_REQUIRED ACTION_.
Please restate all of the records word for word, setting the pictures aside.

*** Opening DATASET RECORDS ***

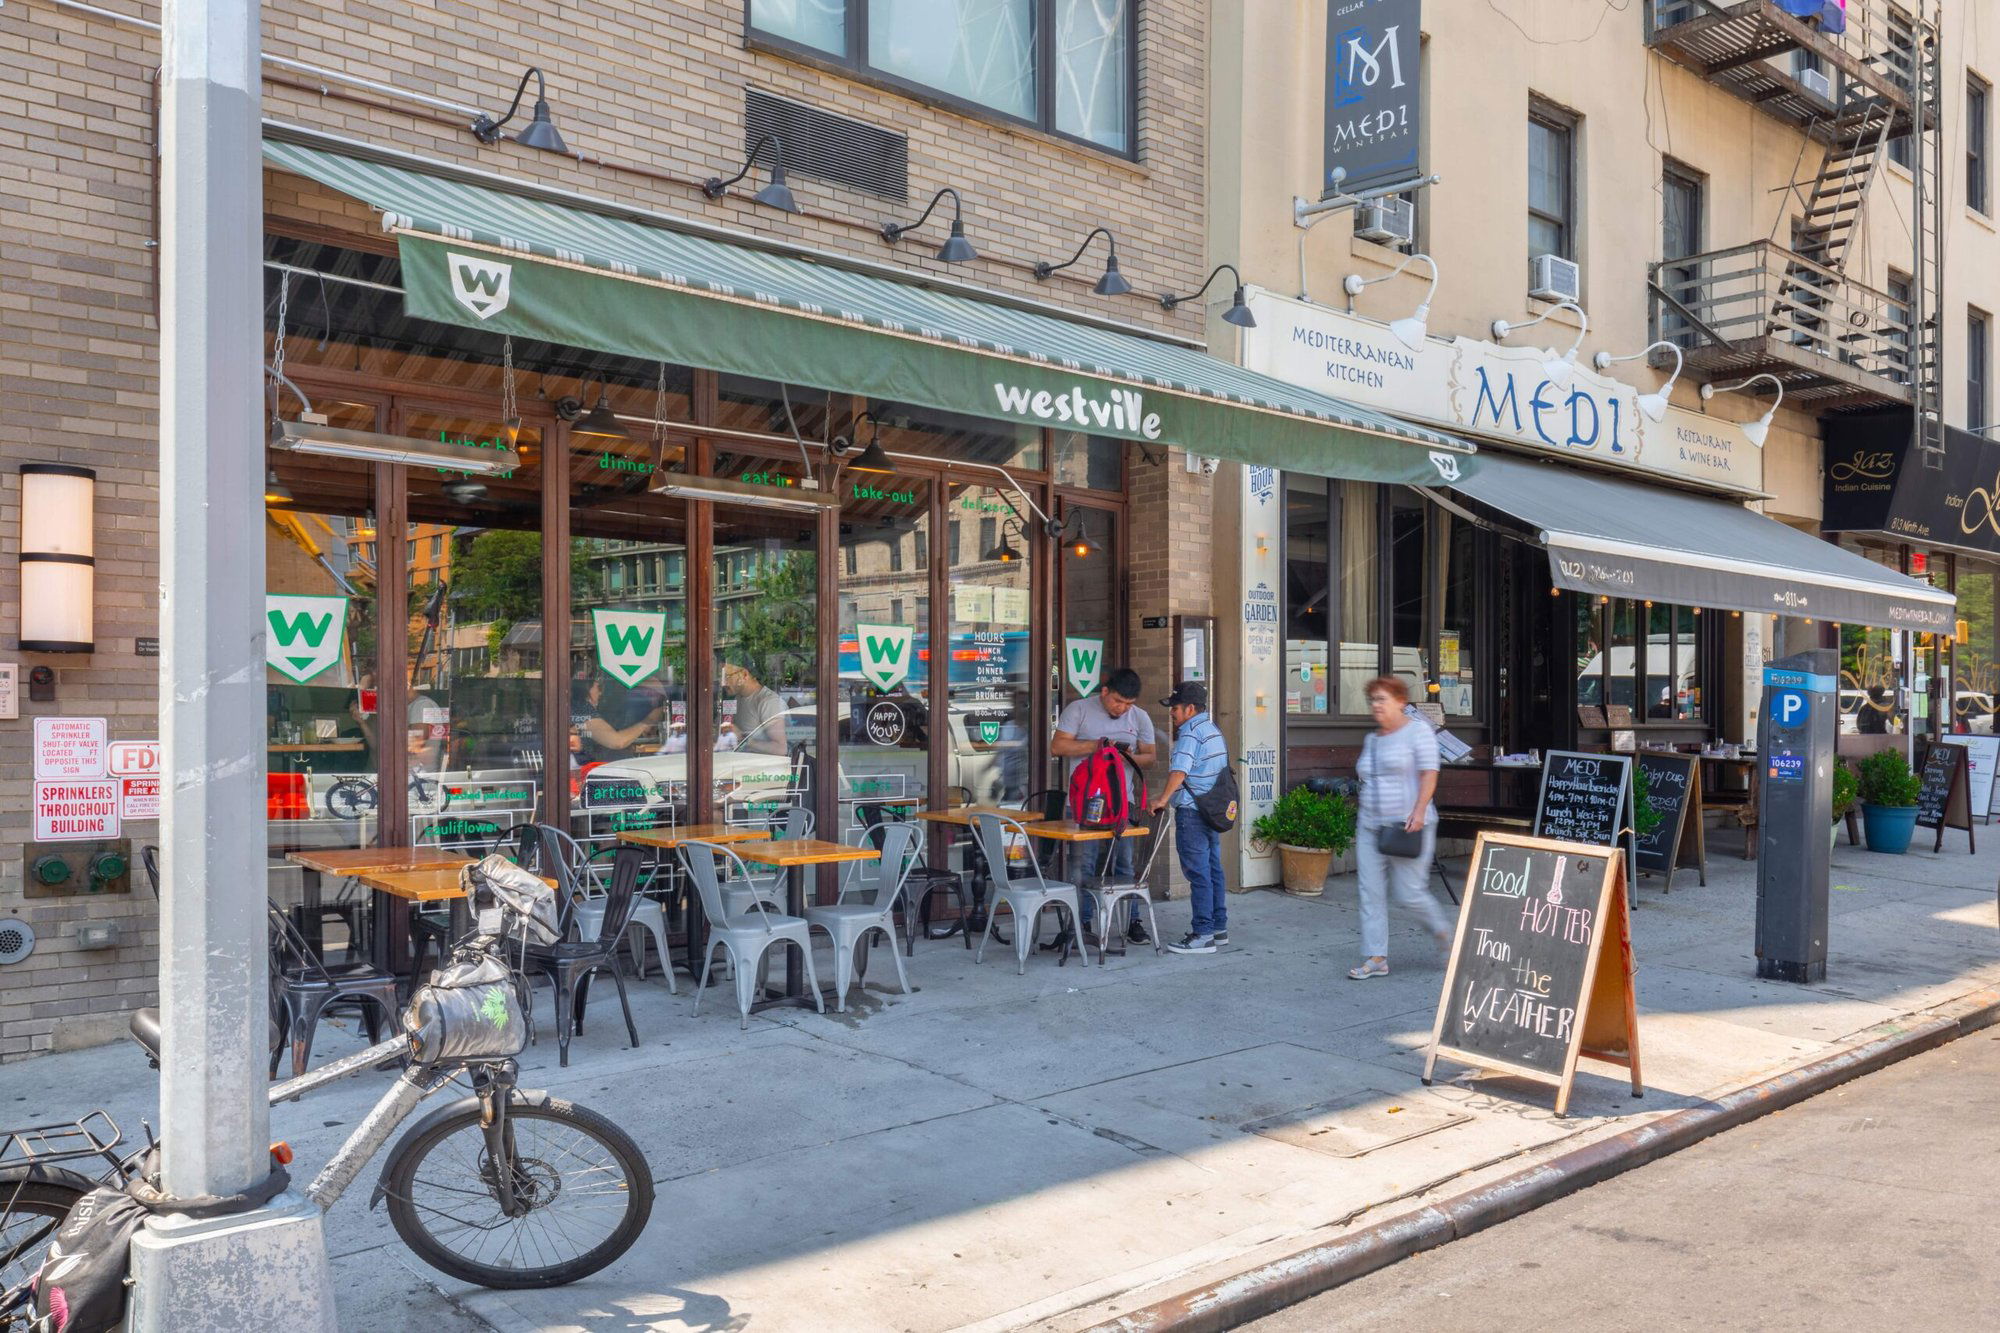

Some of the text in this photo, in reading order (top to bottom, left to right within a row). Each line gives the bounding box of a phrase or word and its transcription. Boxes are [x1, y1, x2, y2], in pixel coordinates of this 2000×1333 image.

[1336, 0, 1364, 16] CELLAR
[1348, 25, 1406, 89] M
[1333, 104, 1408, 146] MEDI
[458, 265, 503, 297] W
[1292, 326, 1414, 371] MEDITERRANEAN
[1326, 361, 1384, 388] KITCHEN
[1471, 365, 1624, 453] MEDI
[1676, 426, 1732, 453] RESTAURANT
[600, 451, 655, 474] dinner
[1688, 450, 1711, 466] WINE
[1712, 456, 1731, 472] BAR
[742, 471, 791, 488] eat-in
[1251, 467, 1274, 493] HOUR
[1835, 482, 1892, 493] Indian Cuisine
[853, 484, 916, 504] take-out
[1903, 518, 1918, 533] Ninth
[1247, 590, 1275, 600] OUTDOOR
[1244, 602, 1278, 623] GARDEN
[267, 609, 333, 648] W
[605, 623, 655, 657] W
[974, 632, 1005, 643] HOURS
[866, 635, 905, 665] W
[979, 647, 1001, 655] LUNCH
[1072, 647, 1098, 674] W
[977, 667, 1004, 675] DINNER
[975, 691, 1004, 700] BRUNCH
[1460, 687, 1470, 707] A
[873, 711, 898, 721] HAPPY
[1783, 694, 1802, 722] P
[51, 723, 91, 731] AUTOMATIC
[870, 723, 901, 738] HOUR
[43, 740, 98, 748] SHUT-OFF VALVE
[42, 749, 73, 757] LOCATED
[44, 757, 97, 766] OPPOSITE THIS
[1247, 750, 1276, 766] PRIVATE
[63, 766, 81, 774] SIGN
[1771, 759, 1802, 768] 106239
[742, 771, 800, 783] mushrooms
[1249, 767, 1274, 784] DINING
[42, 786, 113, 801] SPRINKLERS
[128, 787, 149, 795] FIRE
[593, 785, 664, 801] artichokes
[1250, 784, 1273, 801] ROOM
[40, 802, 116, 817] THROUGHOUT
[609, 811, 657, 822] rainbow
[1545, 806, 1573, 818] Lunch
[50, 818, 105, 833] BUILDING
[424, 820, 500, 838] cauliflower
[1544, 823, 1572, 837] Brunch
[1482, 848, 1531, 897] Food
[1519, 897, 1592, 946] HOTTER
[1473, 927, 1511, 962] Than
[1511, 957, 1552, 994] the
[1463, 980, 1575, 1044] WEATHER
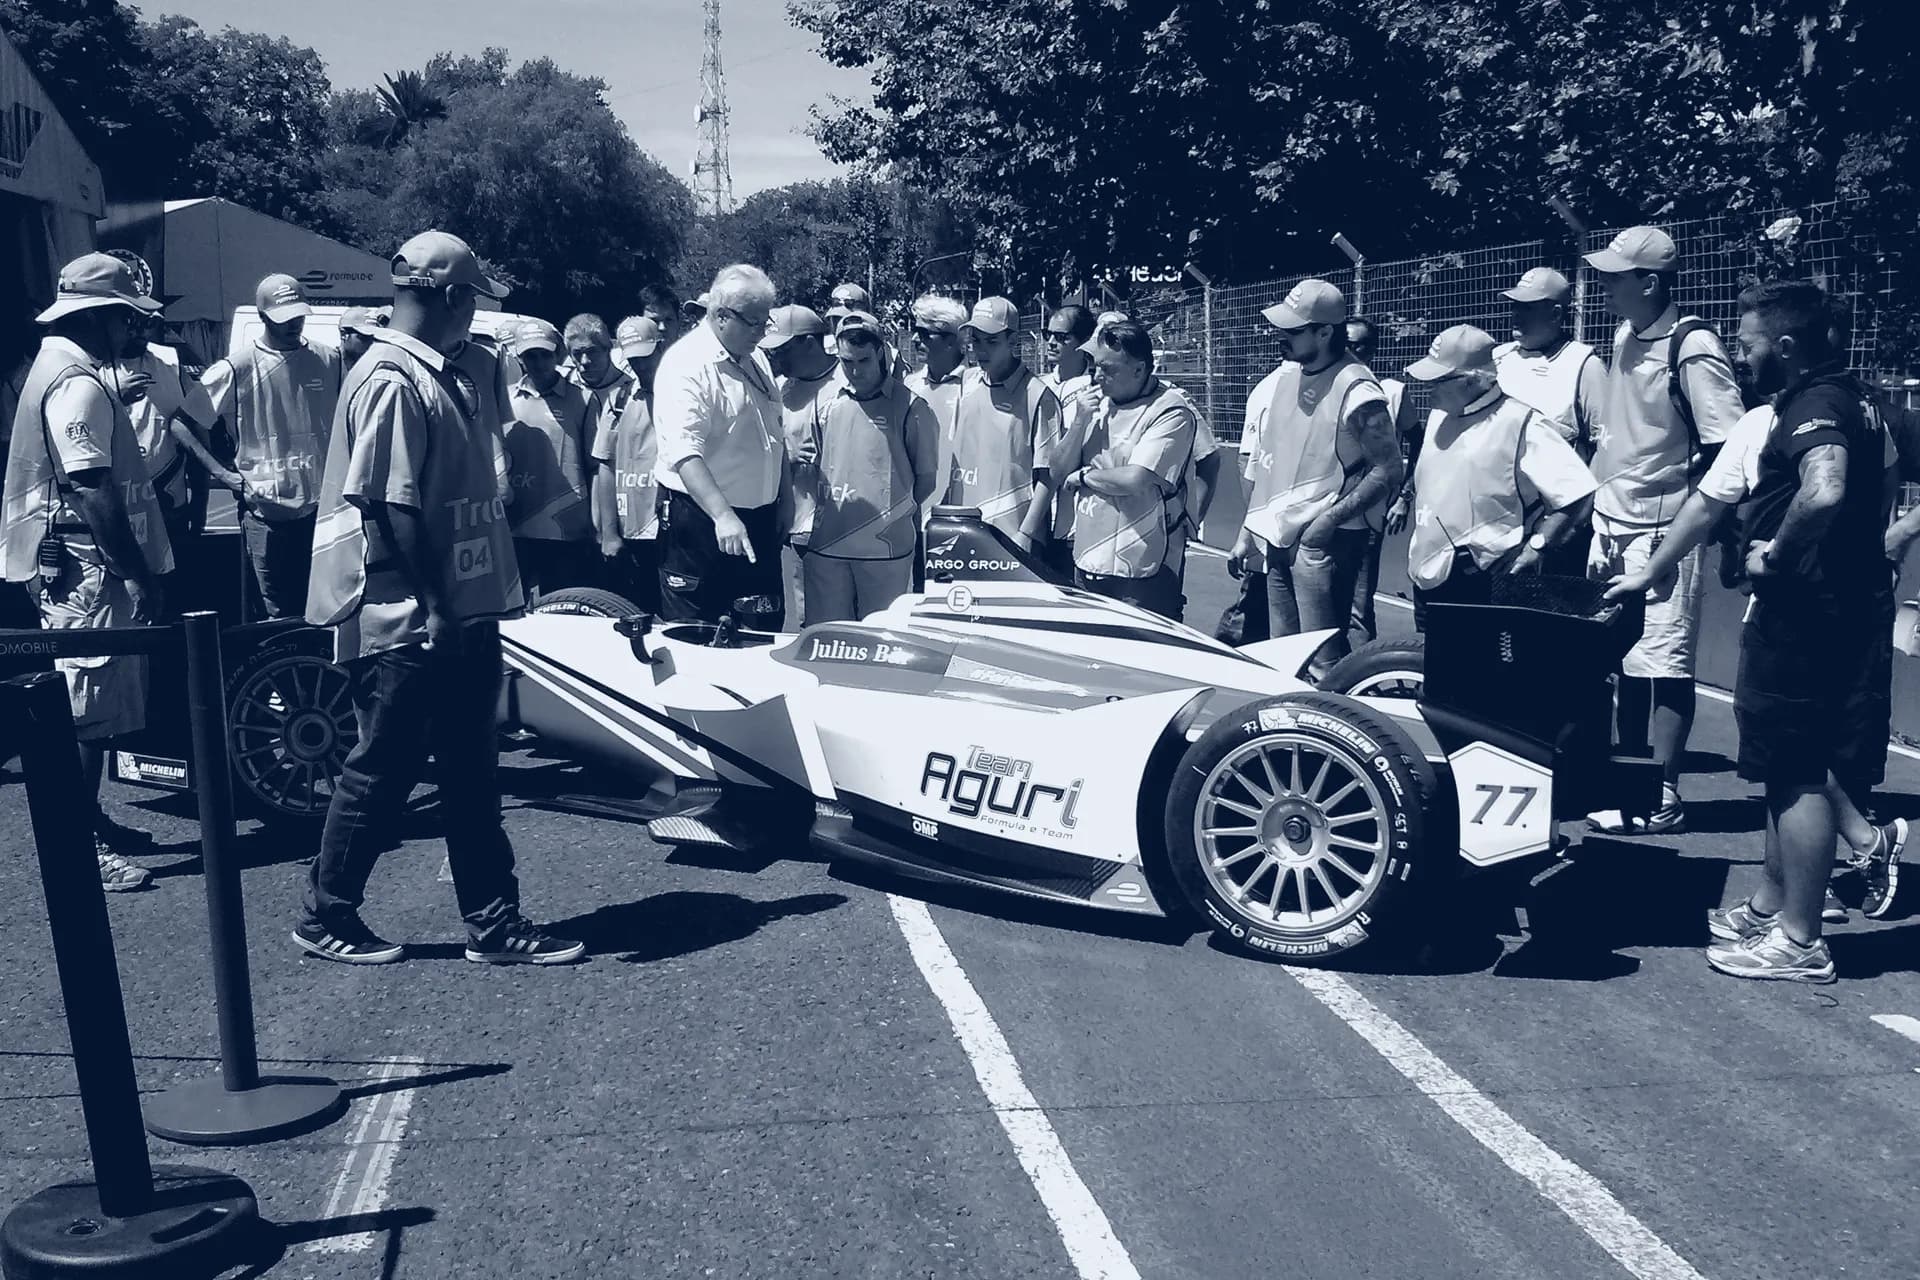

*** Closing DATASET RECORDS ***

_OUTPUT_.
Some of the text in this photo, in reading order (top to bottom, left to right within a row). Each line gives the bounding box of a phrase or word and its transcription. Boxes are [x1, y1, x2, y2], in pixel coordinates of this 2000×1333 image.

[1336, 0, 1364, 16] CELLAR
[1348, 25, 1406, 89] M
[1333, 104, 1408, 146] MEDI
[458, 265, 503, 297] W
[1292, 326, 1414, 371] MEDITERRANEAN
[1326, 361, 1384, 388] KITCHEN
[1471, 365, 1624, 453] MEDI
[1676, 426, 1732, 453] RESTAURANT
[600, 451, 655, 474] dinner
[1688, 450, 1711, 466] WINE
[1712, 456, 1731, 472] BAR
[742, 471, 791, 488] eat-in
[1251, 467, 1274, 493] HOUR
[1835, 482, 1892, 493] Indian Cuisine
[853, 484, 916, 504] take-out
[1903, 518, 1918, 533] Ninth
[1247, 590, 1275, 600] OUTDOOR
[1244, 602, 1278, 623] GARDEN
[267, 609, 333, 648] W
[605, 623, 655, 657] W
[974, 632, 1005, 643] HOURS
[866, 635, 905, 665] W
[979, 647, 1001, 655] LUNCH
[1072, 647, 1098, 674] W
[977, 667, 1004, 675] DINNER
[975, 691, 1004, 700] BRUNCH
[1460, 687, 1470, 707] A
[873, 711, 898, 721] HAPPY
[1783, 694, 1802, 722] P
[51, 723, 91, 731] AUTOMATIC
[870, 723, 901, 738] HOUR
[43, 740, 98, 748] SHUT-OFF VALVE
[42, 749, 73, 757] LOCATED
[44, 757, 97, 766] OPPOSITE THIS
[1247, 750, 1276, 766] PRIVATE
[63, 766, 81, 774] SIGN
[1771, 759, 1802, 768] 106239
[742, 771, 800, 783] mushrooms
[1249, 767, 1274, 784] DINING
[42, 786, 113, 801] SPRINKLERS
[128, 787, 149, 795] FIRE
[593, 785, 664, 801] artichokes
[1250, 784, 1273, 801] ROOM
[40, 802, 116, 817] THROUGHOUT
[609, 811, 657, 822] rainbow
[1545, 806, 1573, 818] Lunch
[50, 818, 105, 833] BUILDING
[424, 820, 500, 838] cauliflower
[1544, 823, 1572, 837] Brunch
[1482, 848, 1531, 897] Food
[1519, 897, 1592, 946] HOTTER
[1473, 927, 1511, 962] Than
[1511, 957, 1552, 994] the
[1463, 980, 1575, 1044] WEATHER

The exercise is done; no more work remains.